Some years ago, when I was following up a murder enquiry, I was surprised to discover that the senior investigating officer who had managed that murder investigation was not available. He was in charge of public order policing at the Notting Hill Carnival. It struck me that very different knowledge and skills were required for these two remarkably dissimilar roles. Yet the assumption that senior police officers can be expected to turn their hand to any of those very different areas that the police look after goes unchallenged. Do we still require one monolithic police force? Do we need The Police? Or is the range of activities in which they are involved now so varied, each area requiring such specialist knowledge, that the whole organisation and basis for our police services should be reviewed?

Perhaps we should be looking for much more highly trained, much more specialist units, than one monolithic Police Force? In the age before universal car ownership, DNA and CCTV, social networking, hundreds of mother tongues spoken in the homes of our cities, rapid developments in computing capabilities, huge databases available for examination at the click of a mouse and facial recognition software, it may have made sense to assume that being a policeman was a general purpose task, and that training in police procedures and the relevant law was all that was needed to join the thin blue line.
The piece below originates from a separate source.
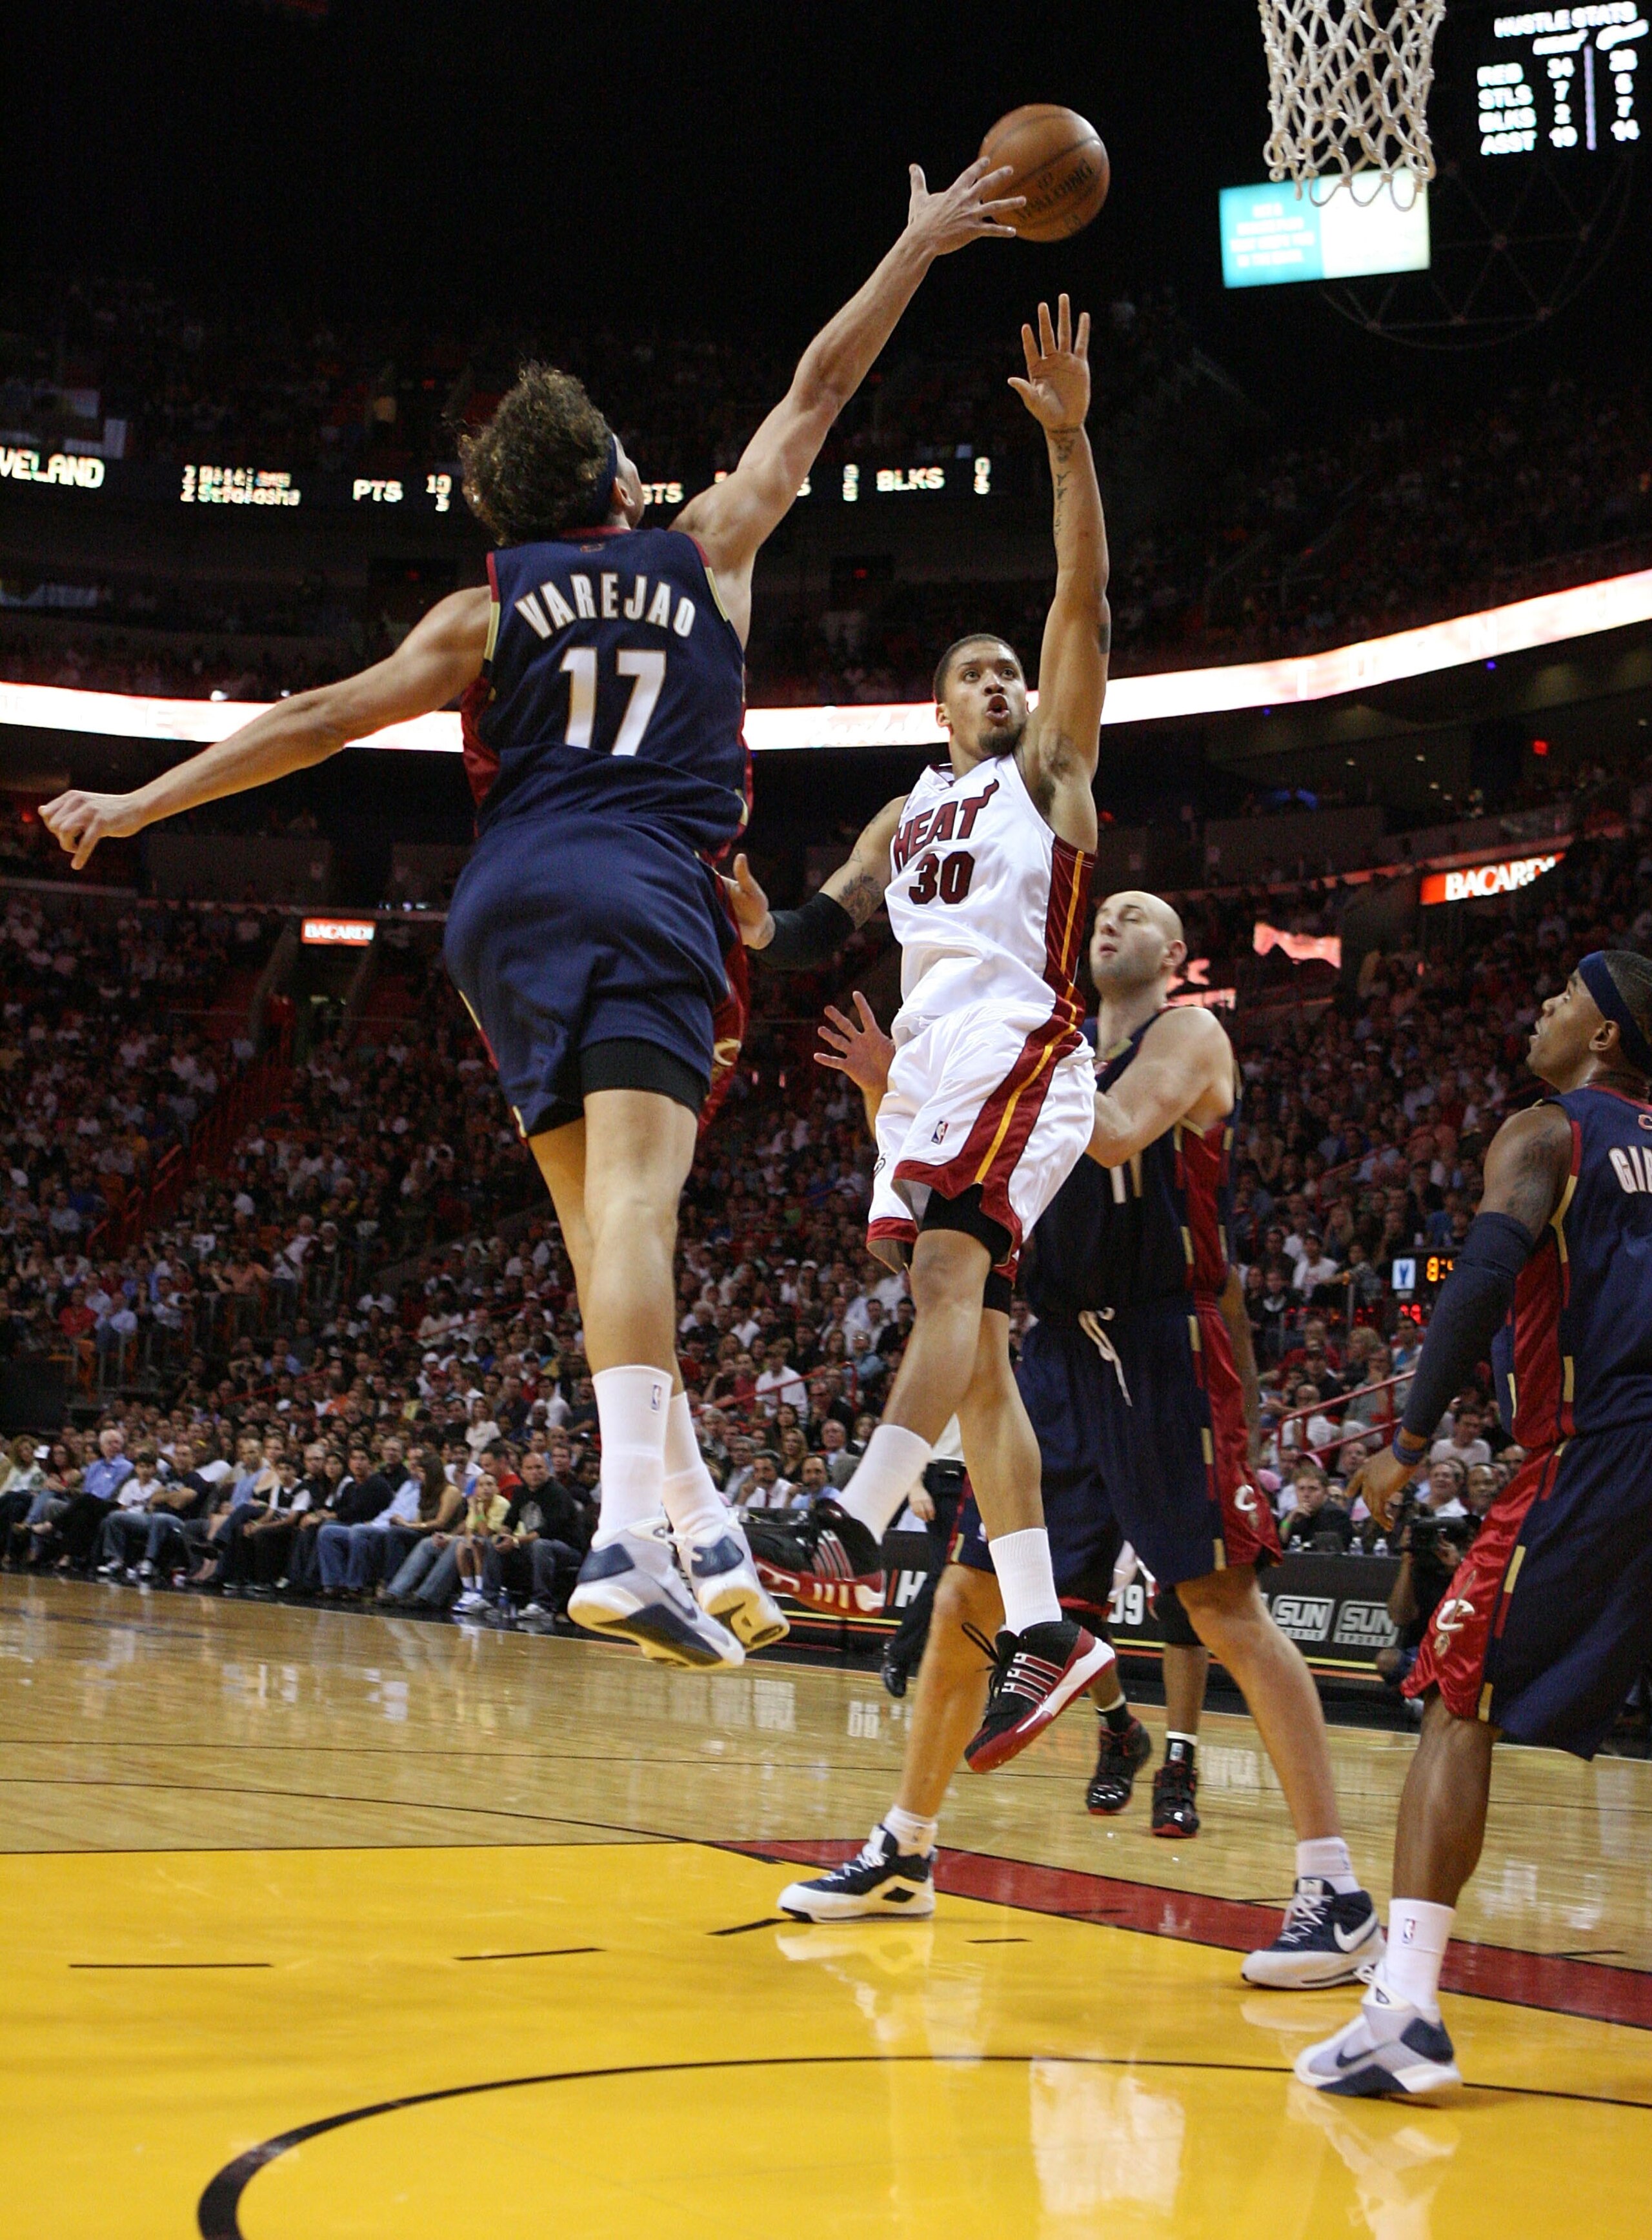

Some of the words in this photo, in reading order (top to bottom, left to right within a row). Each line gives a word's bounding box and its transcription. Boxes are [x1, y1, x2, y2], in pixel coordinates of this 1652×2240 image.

But every aspect of policing now has become a sophisticated speciality. Indeed, Google and insurance companies now have more highly developed information on people, and ways of using it, than many police forces. Perhaps it is no longer possible for police officers to pick up a few technical details and understand what they are part of without a specialist intellectual basis on which to build their actions?

I suggest that the generalist approach to being a member of the police force, working your way up from being a lowly constable, without any academic training, moving through a variety of roles, is one of the main reasons for the turmoil the police are in now. In the U.K. this is being recognized by some universities starting to provide undergraduate degrees in policing studies.

Putting so many issues together it is clear that the police face a very wide gamut of challenges that may not be open to a little tinkering. For example, the British Crown Prosecution Service complained that rape cases are not being linked effectively, so serial rapists go free. But the developments currently possible from information technology and behavioral science that would improve detectives’ effectiveness are not part of the police response. I worked with the Met, at great expense to the taxpayer, and with other police forces, to develop a computer system that their own analyses proved could improve detection rates at no extra cost. But this system still languishes on a desk somewhere because there is not the long-term, strategic vision to set in motion its operation.

The current public distrust in policing, on both sides of the Atlantic, can only be dealt with by creating a much more professional way of carrying out law enforcement. These days soldiers tend to be specialists with focused training on particular skills. It is surely time to take this on board for the war against crime.

Professor David Canter, the internationally renowned applied social researcher and world-leading crime psychologist, is perhaps most widely known as one of the pioneers of "Offender Profiling" being the first to introduce its use to the UK.